# The Smok X Cube Ultra or G-Priv



## MR_SmileyKylie (29/11/16)

Hi guys , I recently lost my only vape to a shortage (Smok X Cube Mini). And seeing as my birthday is soon ,I am contemplating whether to buy a Smok again after only lasting a month before it shorted.However , as I see the prices on Afrivape are quite good and cant seem to resist the temptation to buy myself a Smok X Cube Ultra or a Smok G-Priv.So thats why I am calling out to the community for help! If you guys think its worth giving Smok another chance or rather just going for something else?



And for those curious ones I have already uploaded pictures of X Cube mini motherboard onto different thread (dammaged X Cube II) I think thats right

Reactions: Like 1


----------



## Daniel (29/11/16)

Forgive me stating the obvious , but you had a problem with a certain make of mod yet you are contemplating buying another one ? 

Does not compute ..... my suggestion look at other options as well (Minikin v1.5/2 , VGOD150 , IPV6X etc) , depending on vaping style , budget etc etc....

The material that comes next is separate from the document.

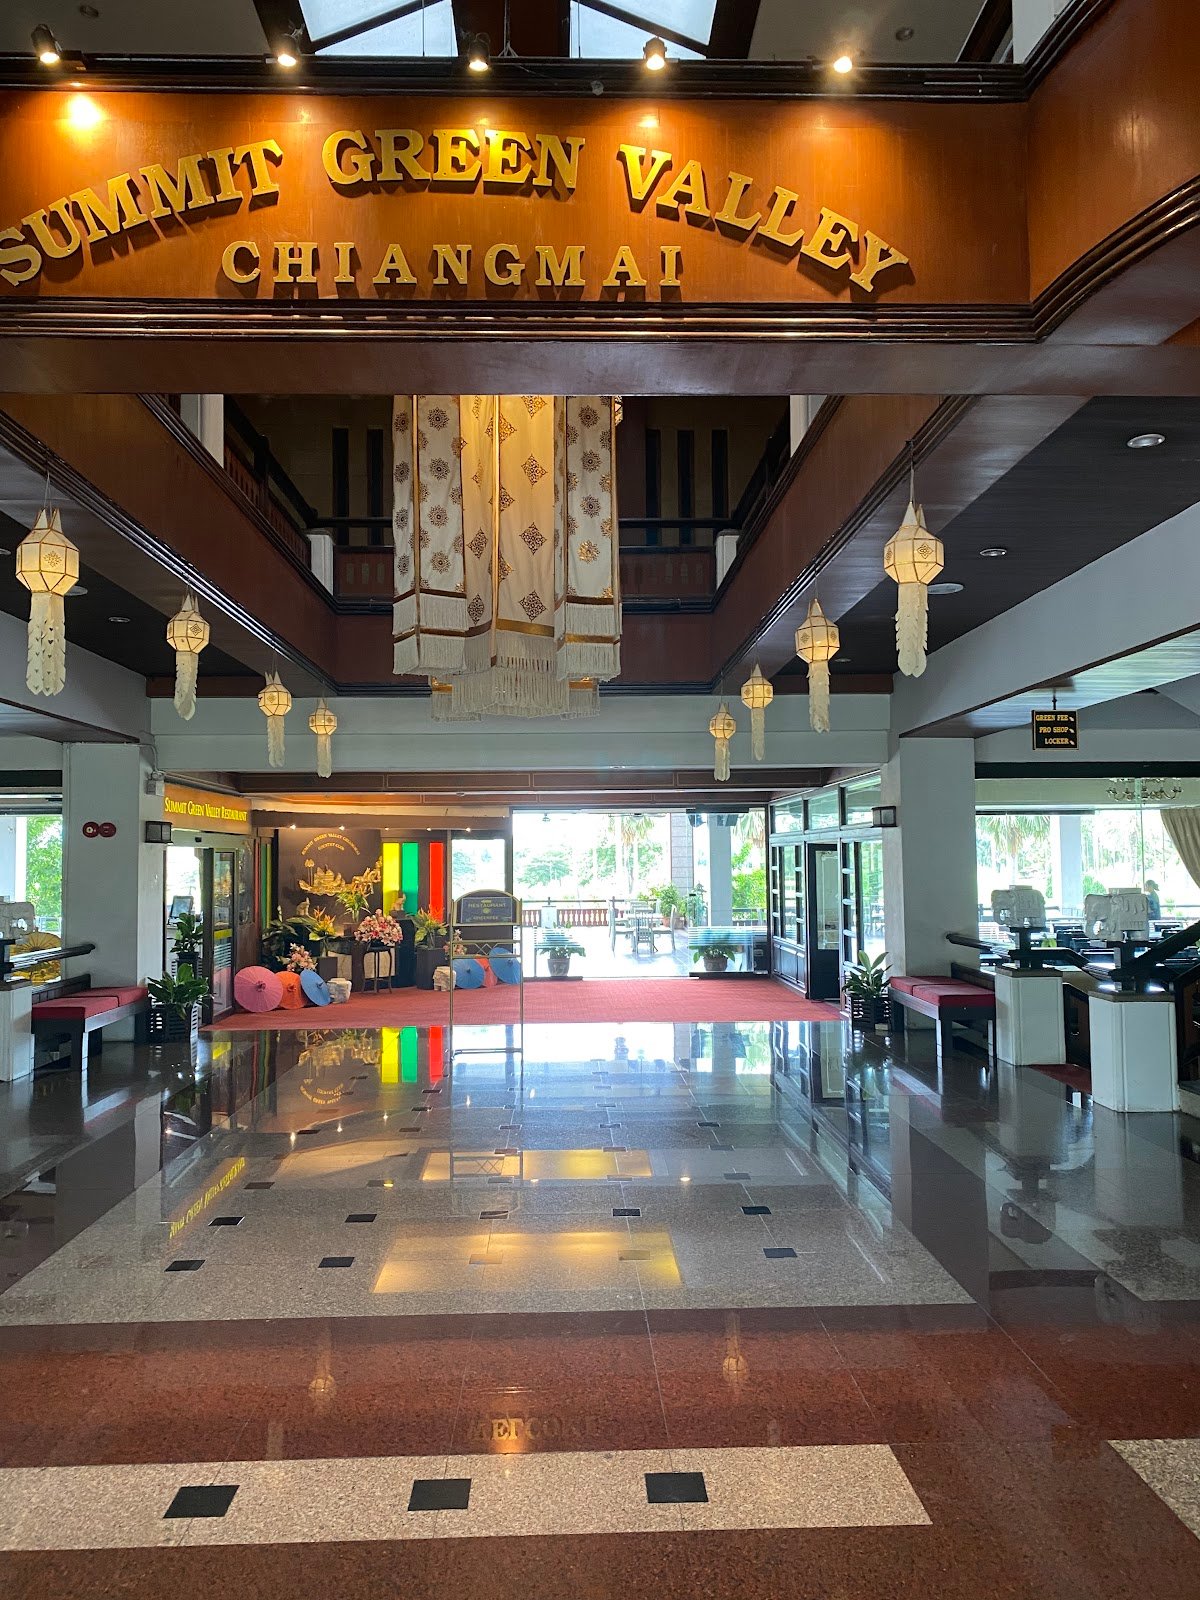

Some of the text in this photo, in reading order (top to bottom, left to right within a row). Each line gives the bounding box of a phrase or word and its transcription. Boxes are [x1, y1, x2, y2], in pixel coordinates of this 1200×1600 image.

[0, 128, 909, 293] SUMMIT GREEN VALLEY
[221, 240, 681, 287] CHIANGMAI
[165, 797, 248, 821] SUMMIT GREEN VALLEY RESTAURANT

Sorry if it sounds like 'Bash the noob' reply but like most know I'm brutally honest at times

Reactions: Like 1


----------



## MR_SmileyKylie (29/11/16)

No problem, I just really like the LED feature on the Smok X Cube series  but I mean looks aren't everything , but thanks for your opinion!


----------



## foGGyrEader (29/11/16)

The G-Priv has wonderful temp control with stainless steel, perfection. If you are going to use commercial SS coils don't necessarily believe it is 316 ... I have an email from Eleaf telling me to test the SS TCR right up to 0.00200 for their 316SS coils! Anyway, the quality is okay considering that almost everything comes from Shenzhen, China. Kinda like shooting fish in a barrel

Reactions: Like 1


----------



## MR_SmileyKylie (29/11/16)

foGGyrEader said:


> The G-Priv has wonderful temp control with stainless steel, perfection. If you are going to use commercial SS coils don't necessarily believe it is 316 ... I have an email from Eleaf telling me to test the SS TCR right up to 0.00200 for their 316SS coils! Anyway, the quality is okay considering that almost everything comes from Shenzhen, China. Kinda like shooting fish in a barrel
> 
> View attachment 77092


Hey thanks man really appreciate Just going to snoop around a bit before I make up my mind

Reactions: Winner 1


----------



## Bush Vaper (29/11/16)

Just last week I was looking at buying a G Priv and most experienced guys on the forum brainwashed me towards a Minikin and man oh man is it a great device. Super solid design and you can literally feel the quality of craftsmanship. I have a smok Osub as well and its a really solid mod that I use day in and day out while farming, so ive put it through its paces. I just feel that smok are pushing too many mods out at once and might be losing their attention to detail. Just my ten cents worth, but give the minikin a bash. PS I still love the look of the g priv and will probably get it as a bit of a novelty mod lol

Reactions: Funny 1


----------



## MR_SmileyKylie (29/11/16)

Bush Vaper said:


> Just last week I was looking at buying a G Priv and most experienced guys on the forum brainwashed me towards a Minikin and man oh man is it a great device. Super solid design and you can literally feel the quality of craftsmanship. I have a smok Osub as well and its a really solid mod that I use day in and day out while farming, so ive put it through its paces. I just feel that smok are pushing too many mods out at once and might be losing their attention to detail. Just my ten cents worth, but give the minikin a bash. PS I still love the look of the g priv and will probably get it as a bit of a novelty mod lol


Looks great and also sounds like a very durable mod ! Thank you for you time and effort and I definitely think i got my mind set on these two, but when the time comes I'll definitely know which one to go for


----------



## DarkSide (29/11/16)

MR_SmileyKylie said:


> No problem, I just really like the LED feature on the Smok X Cube series  but I mean looks aren't everything , but thanks for your opinion!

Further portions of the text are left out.